Caps and Floors are configured in Administration at the Region level, with the exception of the Interpolation Method which is configured at the Funding Package level. This article covers the Cap and Floor approach, Maximum Cap Duration, and introduces the Volatility Methods and Interpolation Methods you'll need to choose from to complete the set-up.
If you do not see the caps and floors options in your PrecisionLender account, please contact our support team to have this functionality enabled. Our client services group will then contact you and walk you through the setup process.
In this Article
Region Settings for Caps and Floors
After selecting a Region, click the 'Edit' button in the top left of your screen. Next, scroll down to the 'Cap & Floor Options' header to begin setting up Caps & Floors for this region.
Cap and Floor Approach
Prior to enabling Caps and Floors you need to decide which method you will utilize. The differences between methods are significant, and we encourage you to speak with our Client Success group if you need assistance in selecting a method.
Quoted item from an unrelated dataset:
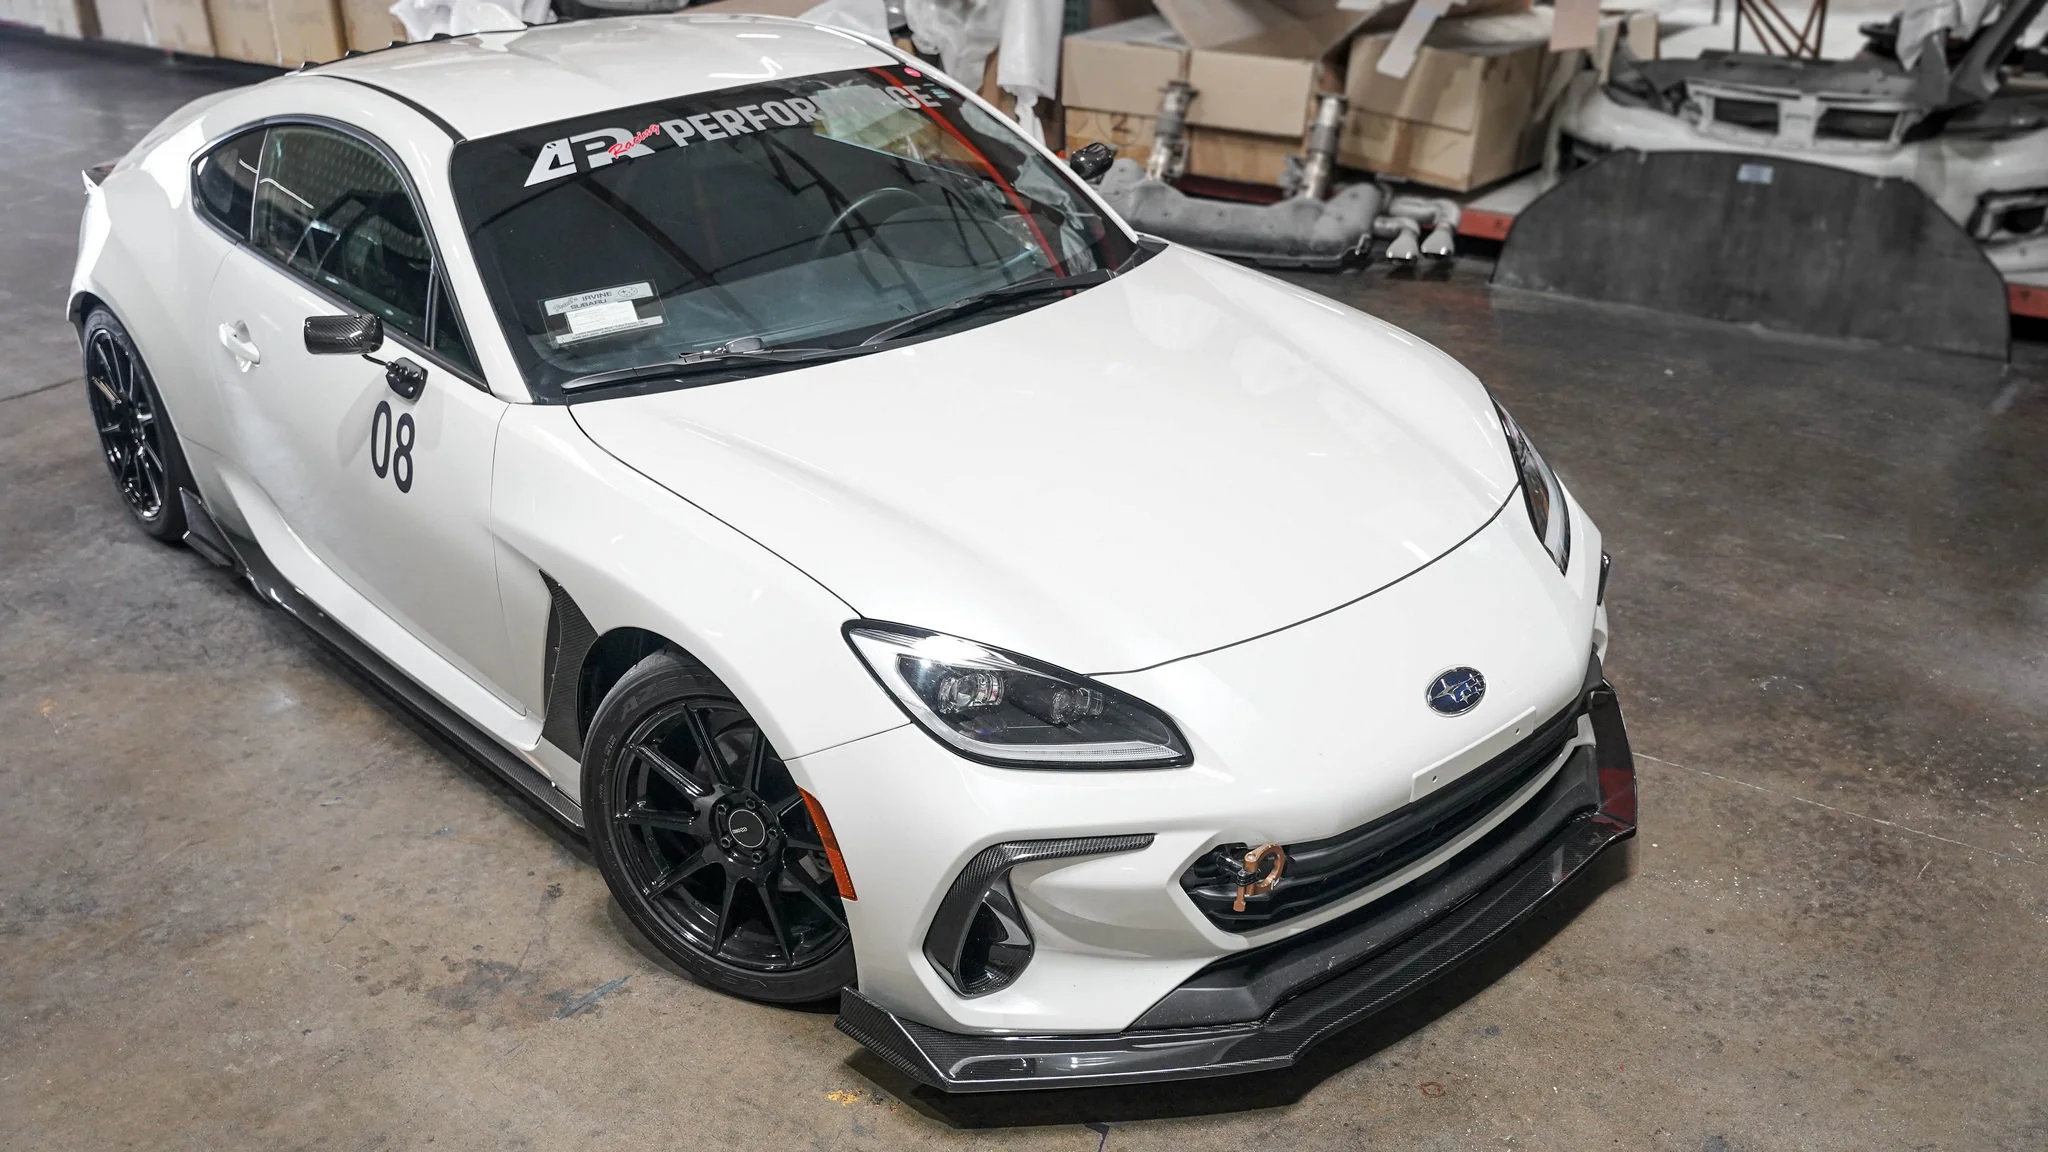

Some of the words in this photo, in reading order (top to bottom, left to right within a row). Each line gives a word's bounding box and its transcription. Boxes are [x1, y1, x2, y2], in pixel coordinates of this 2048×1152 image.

The available methods and the suggested values are as follows:
Standard cap and floor method is the most simplistic and correspondingly the least reflective of the cost and impact of purchasing a cap or floor in the market. The Standard method only applies an impact to the opportunity if the cap or floor is In-The-Money, and in such cases uses the cap or floor rate to calculate finances of the opportunity. There is no impact on the return of the opportunity if the cap or floor is out-of-the-money.
The Option Adjusted cap and floor method utilizes the forward rate curve to predict the expected value of the index rate for each month of the loan. Based on this curve and the volatility associated with the curve at the appropriate forward period, the probability weighted impact of the cap and floor is calculated. The total impact of the cap or floor is the sum of monthly impacts over the contractual life of the opportunity.
Option Adjusted method uses a truncated normal distribution (truncated at 0% rate) with an absolute volatility to predict the likelihood of the cap or floor being in-the-money and thus the probability weighted impact. These calculations are impacted by both volatility and interpolation method as described below.
The Black 76 method is based on the Black model and is a variant of the Black-Scholes option pricing model. Similar to the Option Adjusted method, the Black 76 method uses the forward rate curve of the index combined with the index volatility to calculate the probability weighted impact of the cap or floor.
Unlike the Option Adjusted method, the Black 76 model is based on a log-normal distribution of the future rate with a relative volatility. Because of the log-normal nature of the distribution, there is no truncation associated with the Black 76 model, rather the distribution compresses as the forward rate approaches zero. As a result, and supported by the pricing data available, this method can more accurately assess the financial impact of the cap and floor in very low rate environments provided the volatility is appropriately set.
As with Option Adjusted, the volatility and interpolation methods are treated as described below.
Maximum Cap Duration (Optional)
PrecisionLender recommends setting a maximum cap duration not past 5 years. Please talk to your treasury about the furthest forward acceptable cap.
Setting a default floor is done at the product assumptions level. See Setting Up Commercial Loan Products for more information.
You have the option of defining an absolute volatility, a relative volatility or both for any given duration. The more granular the volatility entered, the more sensitive the results will be to duration. The volatility applied to a given month (duration) is the entered value for the current or next highest duration on the entered volatility curve. For example, if volatility numbers are entered for 12, 24, and 36 month forward durations, the 12th month of the loan will calculate using the 12 month value, while the 13th month will calculate using the 24 month volatility amount. While the forward rate is interpolated, the volatility is not.
Additionally, if both the relative and absolute volatility values are entered, then the values will be summed. This allows you to enter a scalar and relative component to the volatility, and provides flexibility when structuring the volatility curve.
For more information, see Setting Up Volatility Estimates.
Funding Package Settings for Caps and Floors
The Interpolation Method is set under the 'Funding Package Assumptions' at the Funding Package Level.
Select the Funding Package in which you wish to set the Interpolation Method. Once you're on the Funding Package screen, click 'Edit' in the upper left corner of the screen.
Because both the Option Adjusted and Black 76 cap and floor methods use a monthly value for the forward rate throughout the opportunity contractual life, months where the forward rate is not explicitly stated are interpolated. Please see the support article on Interpolation Methods for a better understanding of the interpolation options. For both the Option Adjusted and the Black 76 methods, it is suggested that the monotone convex interpolation be used.
Once your Interpolation Method settings have be configured, remember to click 'Save' in the upper left of the screen.